- _Your assignment_: Your answer must consist of the records below, reproduced exactly, with every picture removed.

Saved entries:
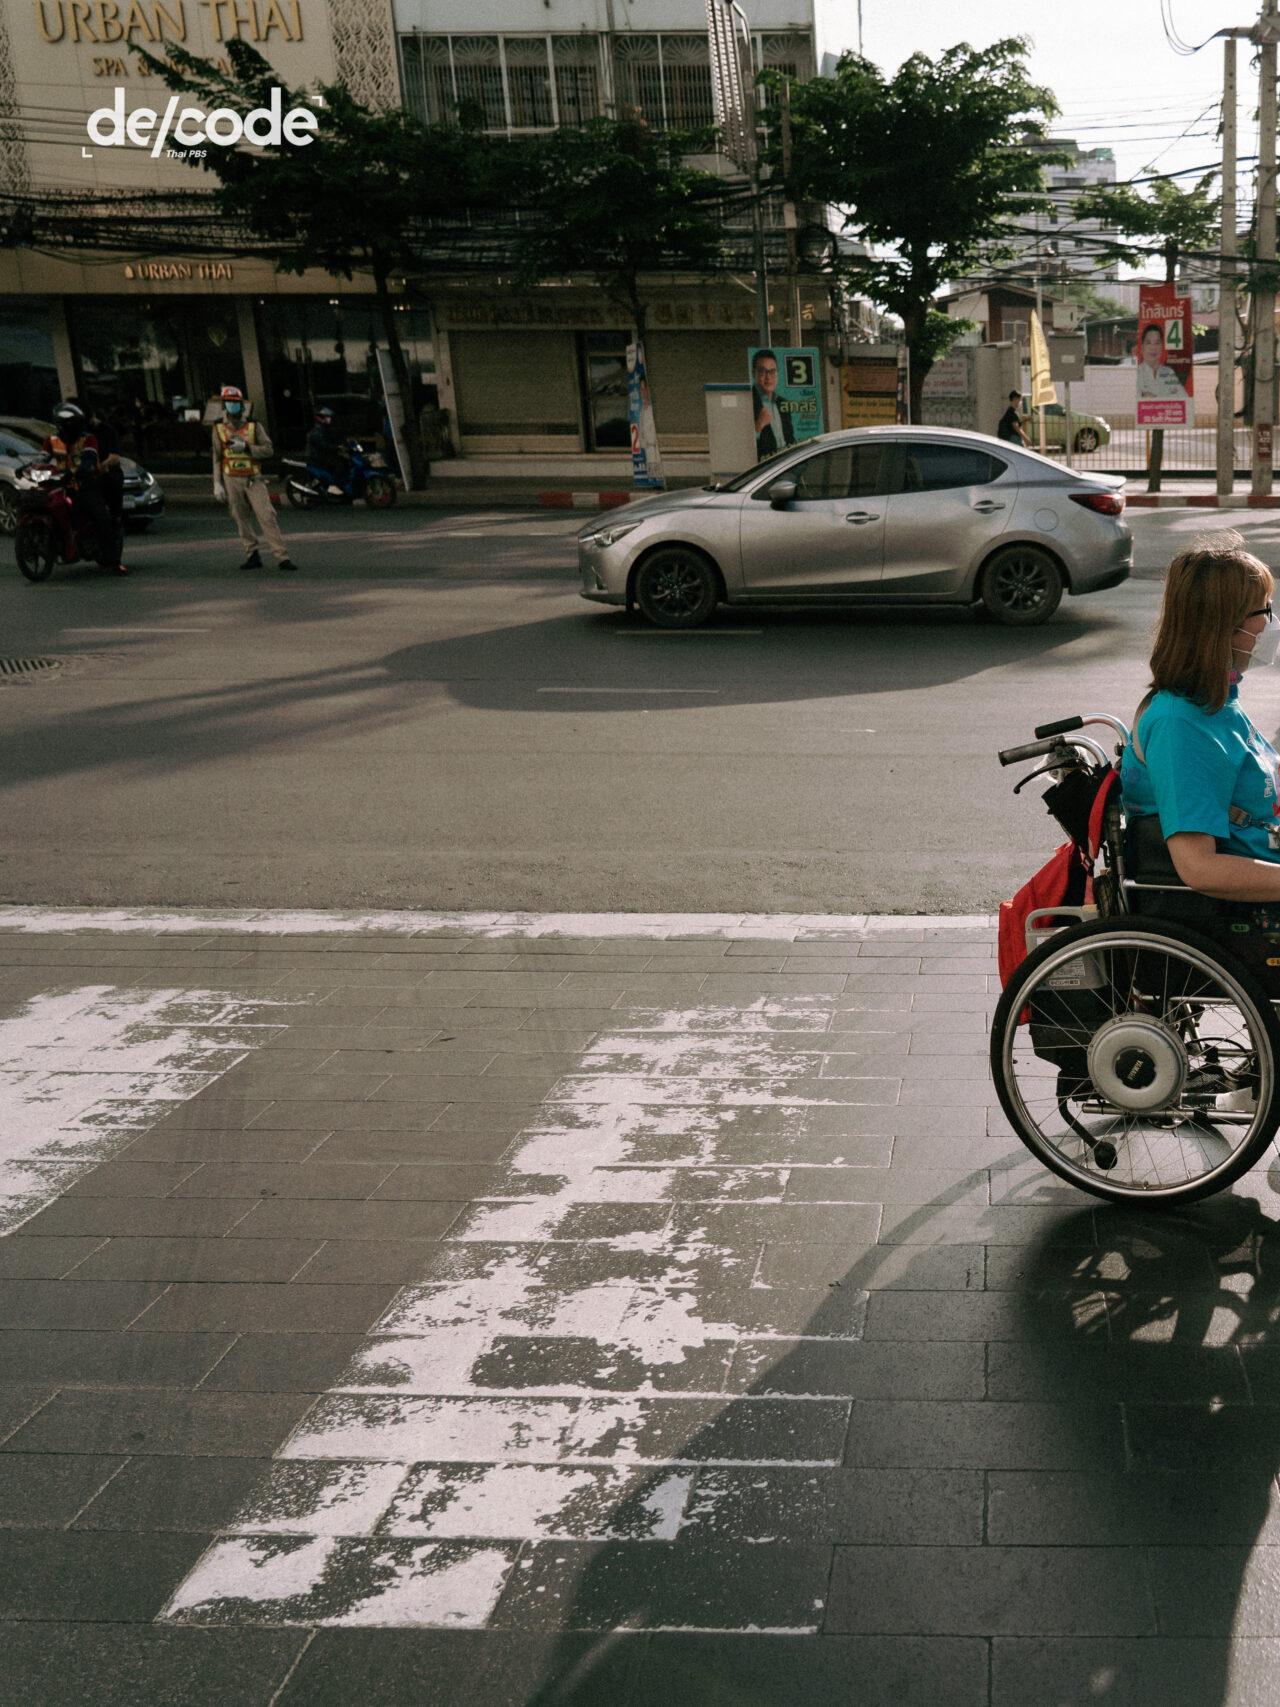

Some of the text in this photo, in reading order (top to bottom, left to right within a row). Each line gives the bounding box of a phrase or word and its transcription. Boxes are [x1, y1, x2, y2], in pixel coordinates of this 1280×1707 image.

[35, 0, 304, 43] URBAN THAI
[93, 57, 129, 77] SPA
[138, 263, 233, 279] URBAN THAI
[1167, 320, 1181, 348] 4
[791, 360, 808, 384] 3
[631, 425, 640, 453] 2

- _Response_:
Some of the text in this photo, in reading order (top to bottom, left to right within a row). Each line gives the bounding box of a phrase or word and its transcription. Boxes are [x1, y1, x2, y2], in pixel coordinates of this 1280×1707 image.

[35, 0, 304, 43] URBAN THAI
[93, 57, 129, 77] SPA
[138, 263, 233, 279] URBAN THAI
[1167, 320, 1181, 348] 4
[791, 360, 808, 384] 3
[631, 425, 640, 453] 2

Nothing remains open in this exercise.